Gui Siqueira

Personal information
- Full name: Guilherme Leal Siqueira
- Date of birth: 6 December 2004 (age 21)
- Place of birth: Italy
- Height: 5 ft 11 in (1.80 m)
- Position: Right back

Team information
- Current team: Buxton
- Number: 23

Youth career
- 0000–2016: Brentford
- 2016–2023: Queens Park Rangers

Senior career*
- Years: Team / Apps / (Gls)
- 2023–2026: Sheffield Wednesday / 0 / (0)
- 2026–: Buxton / 7 / (0)

= Guilherme Siqueira (footballer, born 2004) =

Brazilian association football player

Guilherme "Gui" Leal Siqueira (born 6 December 2004) is a Brazilian professional footballer who plays as a right back for club Buxton.

==Early and personal life==
Possessing dual-citizenship of Brazil and Italy, Siqueira moved to the United Kingdom in childhood. He played in the Brentford academy until he was 12 years-old. After which, he joined the system at Queens Park Rangers, where he completed a two-year football scholarship.

==Career==
He signed his first professional contract with Sheffield Wednesday in July 2023, following a trial with the club. He began to be integrated with the Wednesday first-team match day squad during the 2023–24 season.

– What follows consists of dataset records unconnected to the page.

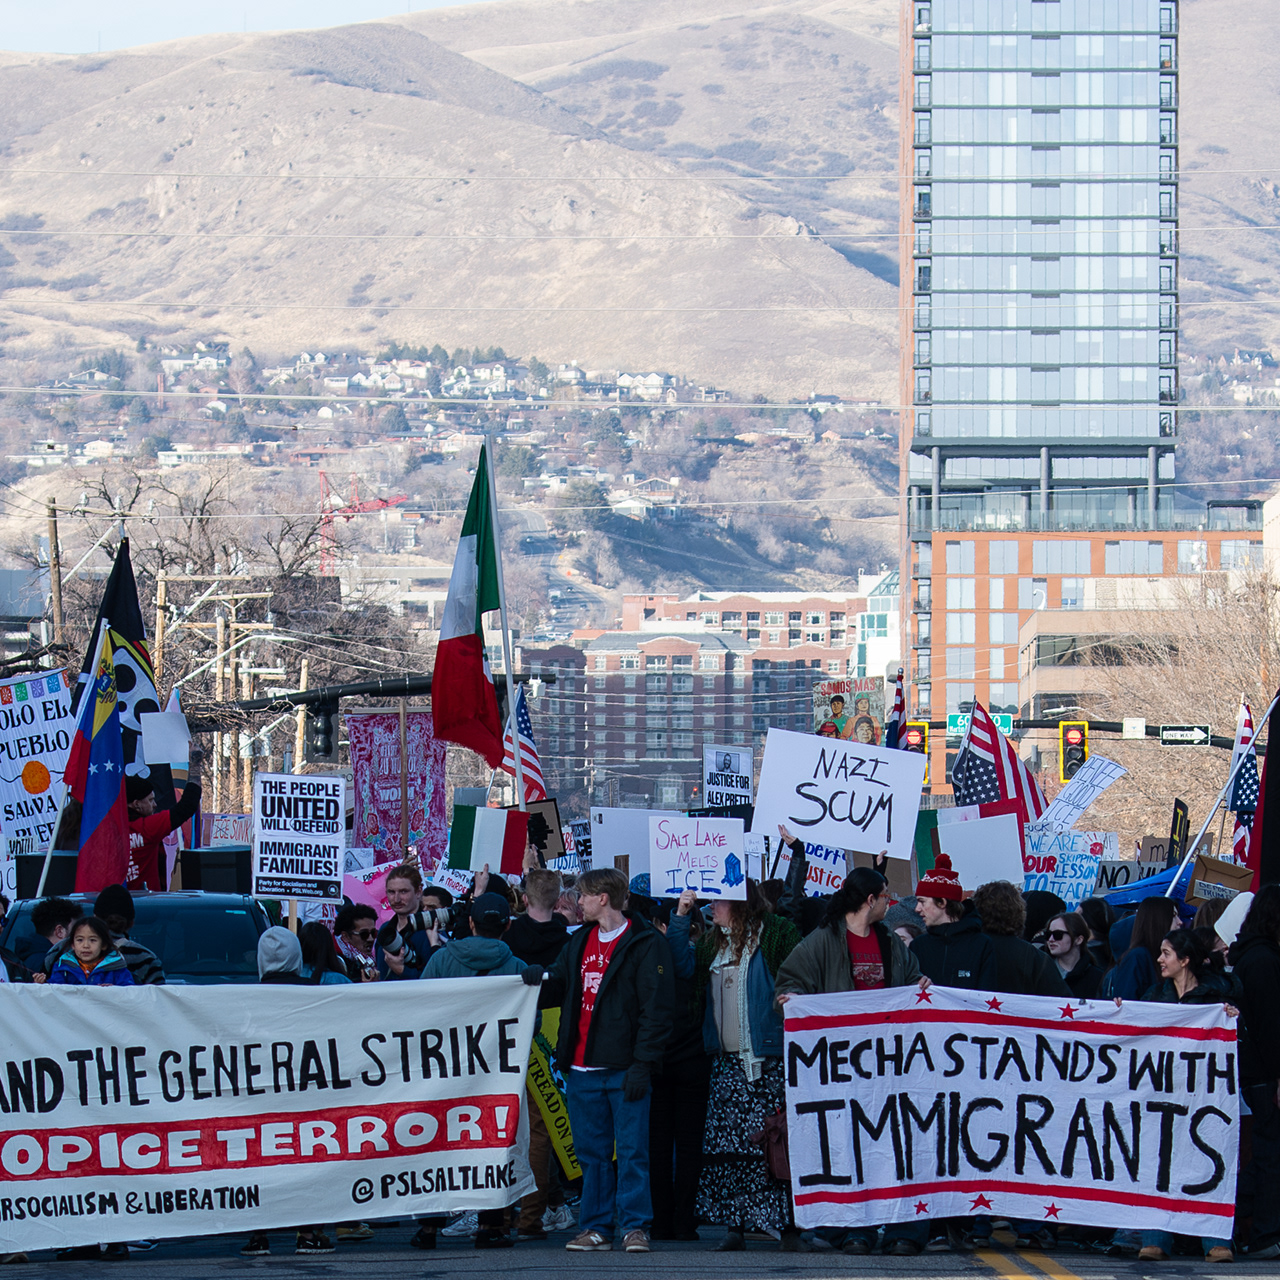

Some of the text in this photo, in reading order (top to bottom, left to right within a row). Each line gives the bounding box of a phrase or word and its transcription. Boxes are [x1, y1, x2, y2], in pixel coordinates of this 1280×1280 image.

[821, 681, 851, 696] SOMOS
[42, 699, 68, 721] EL
[813, 748, 890, 787] NAZI
[261, 781, 340, 797] THE PEOPLE
[706, 772, 750, 790] JUSTICE FOR
[4, 795, 57, 822] SALVA
[261, 796, 339, 820] UNITED
[707, 791, 724, 806] ALEX
[789, 782, 893, 843] SCUM
[261, 818, 339, 834] WILL DEFEND
[656, 820, 727, 850] SALT LAKE
[260, 841, 339, 859] IMMIGRANT
[1027, 835, 1082, 852] WE ARE
[259, 857, 338, 877] FAMILIES!
[677, 851, 719, 869] MELTS
[1024, 855, 1098, 880] OUR LESSON
[258, 880, 272, 888] Party
[665, 869, 722, 894] ICE
[1099, 865, 1130, 888] NO
[258, 886, 284, 894] Liberation
[67, 1046, 150, 1106] THE
[158, 1038, 352, 1104] GENERAL
[360, 1017, 521, 1087] STRIKE
[787, 1031, 1237, 1095] MECHA STANDS WITH
[529, 1056, 580, 1169] TREAD ON ME
[98, 1129, 202, 1169] ICE
[216, 1105, 509, 1162] TERROR!
[795, 1091, 1233, 1196] IMMIGRANTS

He made his professional debut with Sheffield Wednesday as a substitute in a 4–0 FA Cup win over Cardiff City on 6 January 2024. He returned to the first team squad for the 2025–26 season and started in their EFL Cup tie against Bolton Wanderers scoring the opening goal – and his first goal for the club – a ferocious long-range strike, before being replaced at half time for Liam Palmer. His goal won the EFL Cup Round 1, Goal of the Round. After playing one more game that season, the EFL Cup second round win against Leeds United, he was ruled out for the remainder of the season having undergone surgery following an injury to his achilles during an U21 win against Colchester United. At the end of the 2025–26 season it was confirmed that he would be invited back to pre-season training with a view to potentially extending his stay at S6.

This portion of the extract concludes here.